Garfield and Nebula then flew over massive pyramid of skeletons.

"That is the Pyramid of Fools. I have built it from skeletons of boneheads who defy my justice. It is monument to ignorance. Only when Pyramid reaches past end of universe will all ignorance be destroyed." Garfield said with pride.

The great pyramid shone in sunlight beaming with glory. Garfield then flew past more red oceans which boiled with heat and steam. Sweet smell of beauty came from red hot oceans. Then over oceans Garfield came to giant floating island the size of twenty Earths. On floating island was city full of lights and skyscrapers. At city center was mighty palace that shone light like lightbulb on fourth of July.

"What amazement!" Said Nebula with astonishing.

"It is my summer castle. Come and see." Garfield said as he flew down to castle.

In castle island thousands upon millions of spaceships soared from outer space and landed in docks. Out of spaceships sexy ladies came out with disembarking, giggling with joy and excitement.

"Why are all these ladies here on spaceships?" Asked Nebula with wondering.

"Ladies from all over universe come to meet the Supernova of Sexy and the Big Bang of Good Times." Garfield said as he pointed to his pants.

Nebula nodded with understanding as her mind unraveled secret that lay wrapped behind Garfield's man-pants. As her mind wondered her mouth watered.

Garfield landed ship at castle courtyard. In courtyard there was giant hedges shaped like sexy ladies in naughty poses. Naked ladies lounged by shrubs eating lasagna and dressed in bikinis. The road was paved with gold and steel. As they walked they passed large luxury pool shaped like woman's naval. In pool, ladies lay on floats shaped like Garfield. They massaged floats with wanting hands wishing The Man was there for real. As Garfield passed, all the sexy ladies cooed longingly for him, but The Man walked by without beating a sweat.

Garfield and Nebula then passed through great golden doors the size of skyscrapers. Garfield pushed them open like ease like giant pushing feathers. Inside was great hall filled with giant stone statues of naked ladies. On walls hung oil paintings of Garfield loving hot ladies from all of history. In one painting Cleopatra and Catherine the Great were lying on bed of silky sin as Garfield jolted their lady sockets with his man lightning.

"That is realism." Garfield said with art as he pointed to paintings.

Throughout hall fine ladies ate lasagna and drank cocktails at glass tables. They wore shimmering space dresses that were see through. As Garfield passed them they reached longingly for him, but he did not glance a look.

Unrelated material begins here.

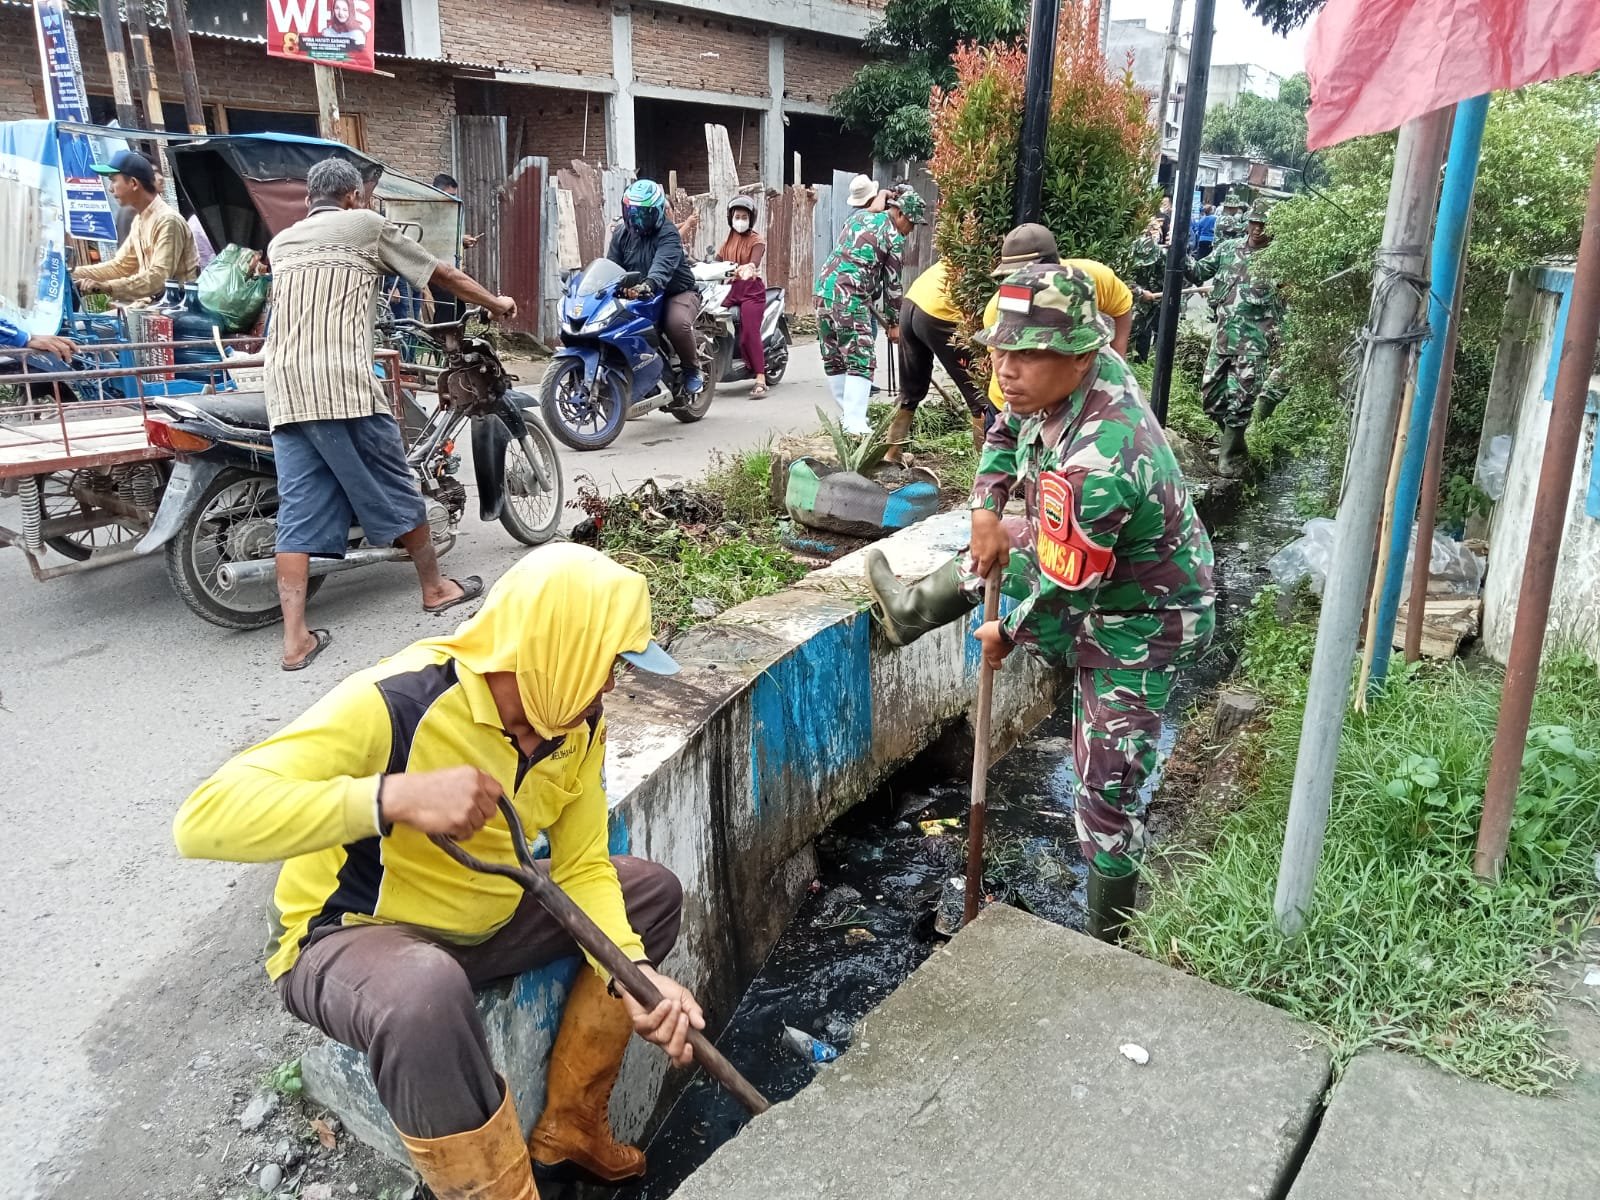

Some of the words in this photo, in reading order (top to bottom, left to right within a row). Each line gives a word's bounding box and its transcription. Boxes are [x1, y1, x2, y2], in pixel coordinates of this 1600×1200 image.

[283, 32, 299, 55] 8
[88, 220, 96, 232] 5
[49, 258, 60, 298] ISOPLUS
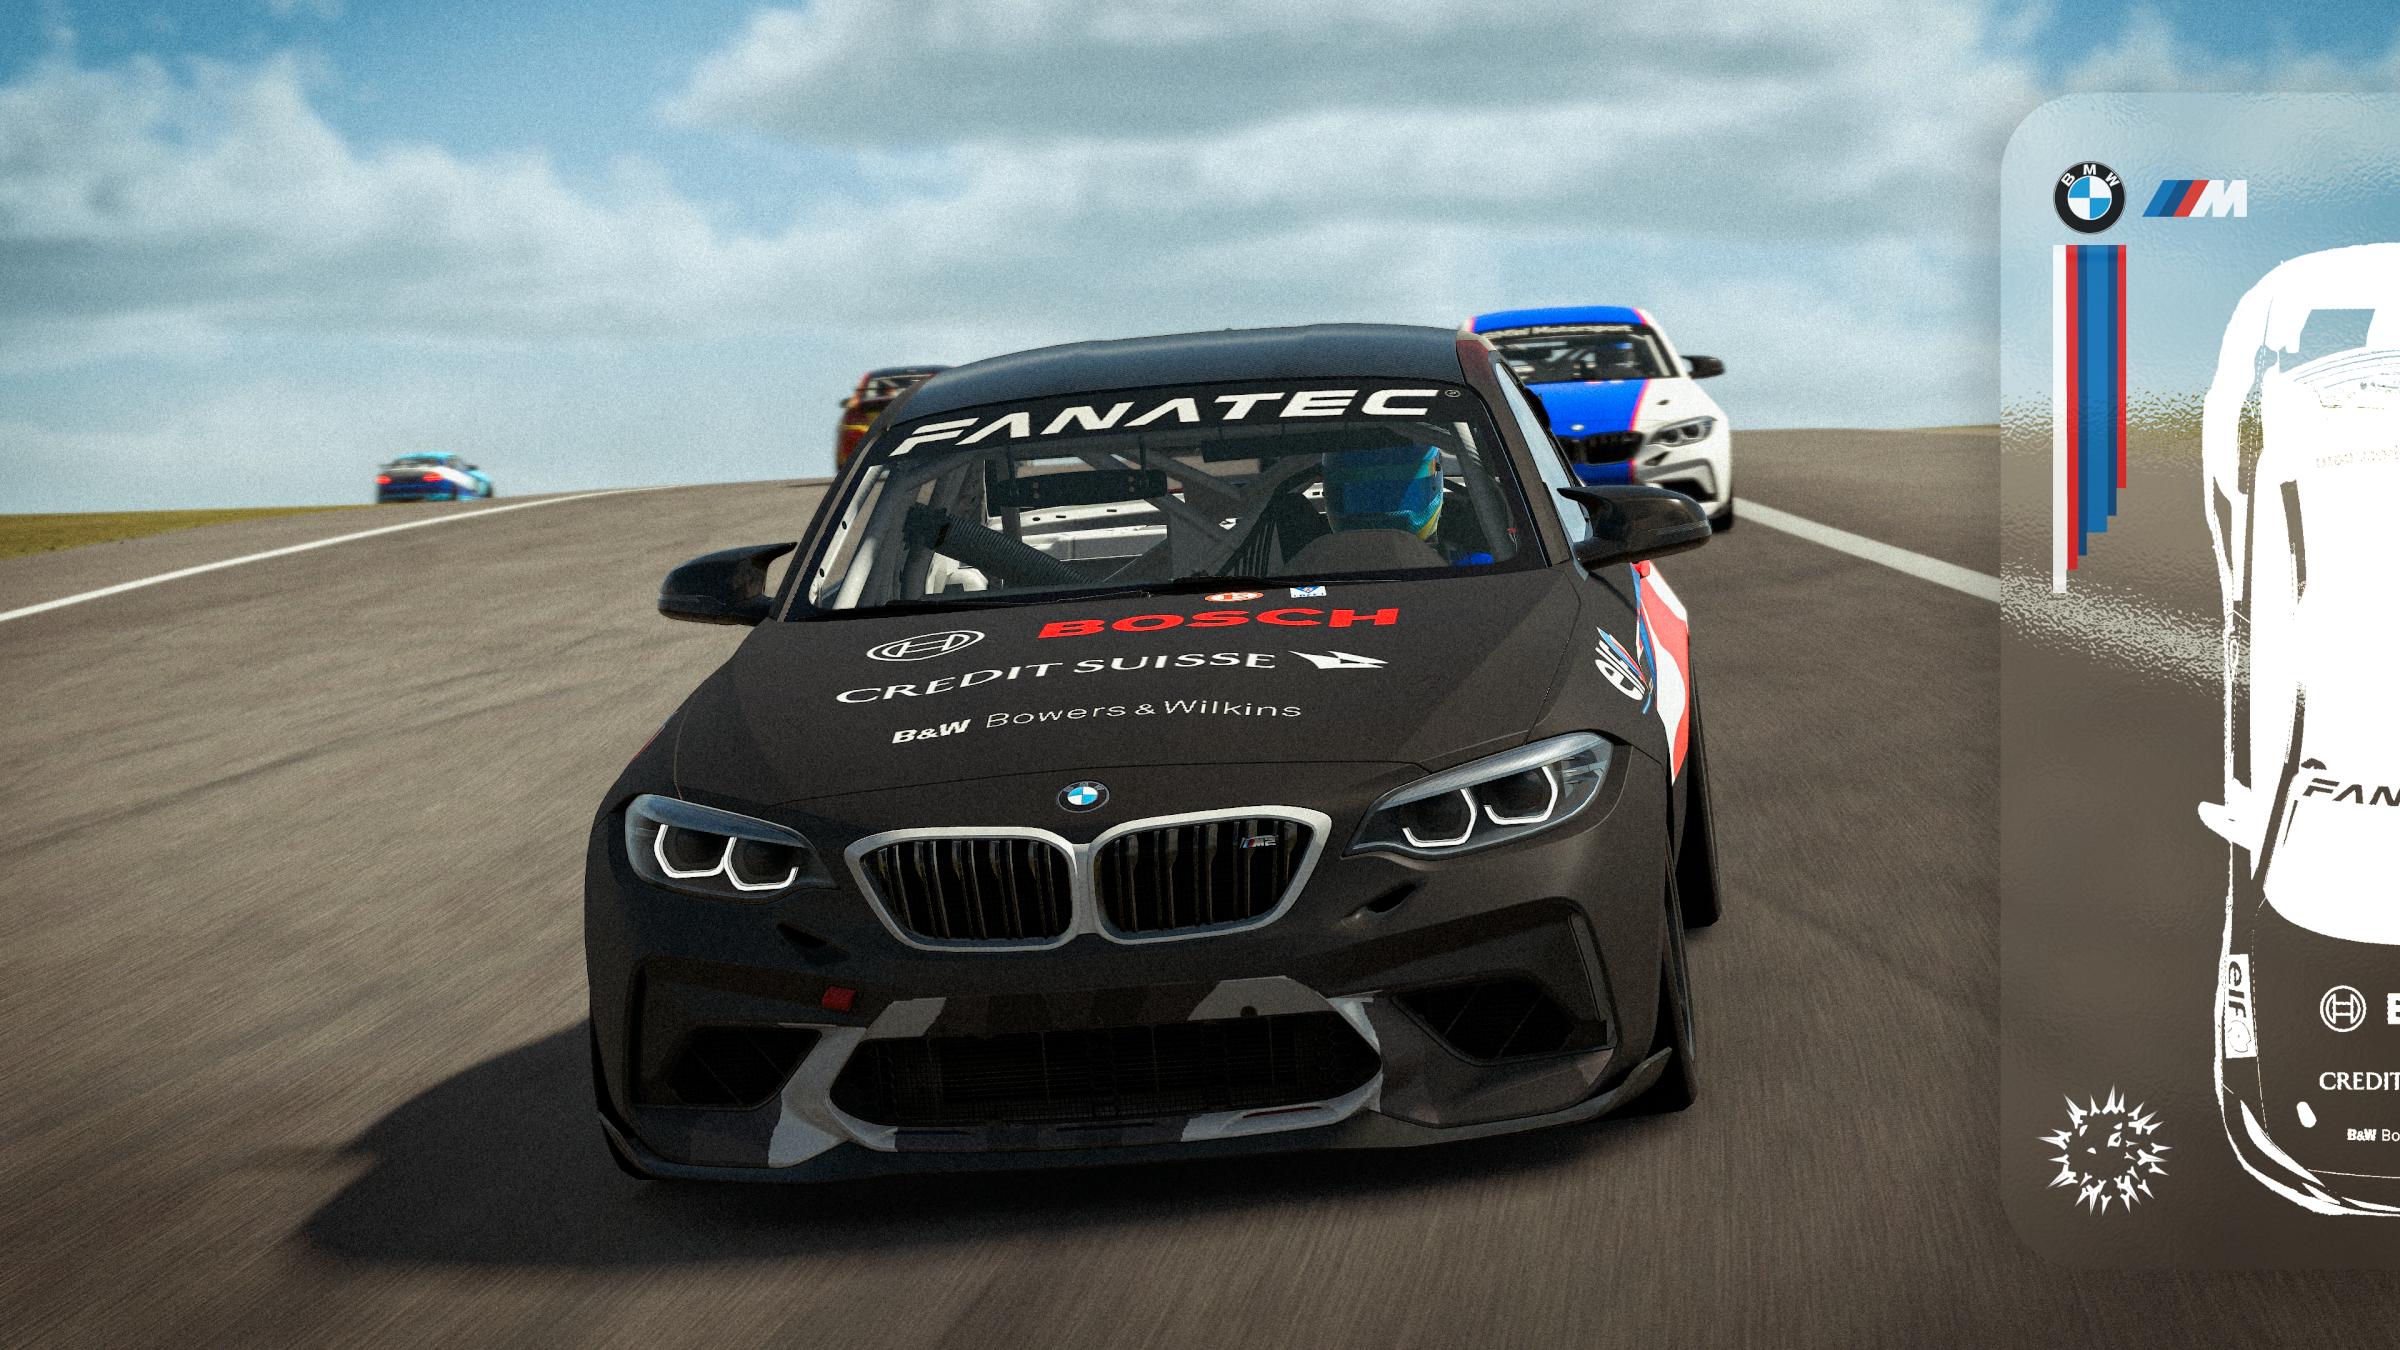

Garfield passed bar and motioned to Bartender Ted with cool point. Bartender Ted gave him the finger guns and threw a lasagna scotch to Garfield who caught it like homerun goalie. Garfield sipped drink like cool cat in chill town. More ladies flocked him wanting sniff of his scent and touch of his muscles, but he did not wink a care. Garfield flicked lasagna cigarette to ground and walked on. Mob of ladies rushed to lasagna cigarette clawing and fighting for its radiance wanting to get taste of the Cosmic Force of Man.

Nebula followed Garfield out of room through doors which were color of night. On other side there was darkness with flashes of strobe lights. Fantasy by Aldo Nova played as ladies in tight black leather danced under spotlights and rubbed themselves with wet lasagna.

"This is Temple of Forbidden Pleasure. In it Fantasy becomes Reality." Garfield explained with guru words.

A foxy mama in pool of lasagna was dancing and wiggling. She saw Garfield and took handful of steaming lasagna fresh as spring and smeared it on firm breasts while licking lips like hungry she-panther. Garfield nodded with approving.

"You must be familiar with forbidden body pleasures." Garfield said to Nebula as they passed under hanging cage with lady dancing and whirling hair and licking lasagna covered bars.

"I do not know these things. I have been captured by Thanos all my life. All I know is scent of battle and taste of murder." Nebula said with sadness.

"Taste of murder is rich but like lasagna it must be chewed with virtue. Killing of evil is righteous but death of innocence is vile like flies making love on rotting meat." Garfield said with the learning of lifetimes.

Nebula followed Garfield through Temple of Forbidden Pleasure seeing sights unseen and thoughts unknown. Her mind and heart were filled with mysteries. Garfield pointed to sexy six-armed eight-legged alien babe. She wore black leather bodysuit and held paddles in all hands. With paddles she spanked naked ladies who laid on beds and screamed in ecstasy, enjoying their spanking pleasure. Garfield gave her thumbs up.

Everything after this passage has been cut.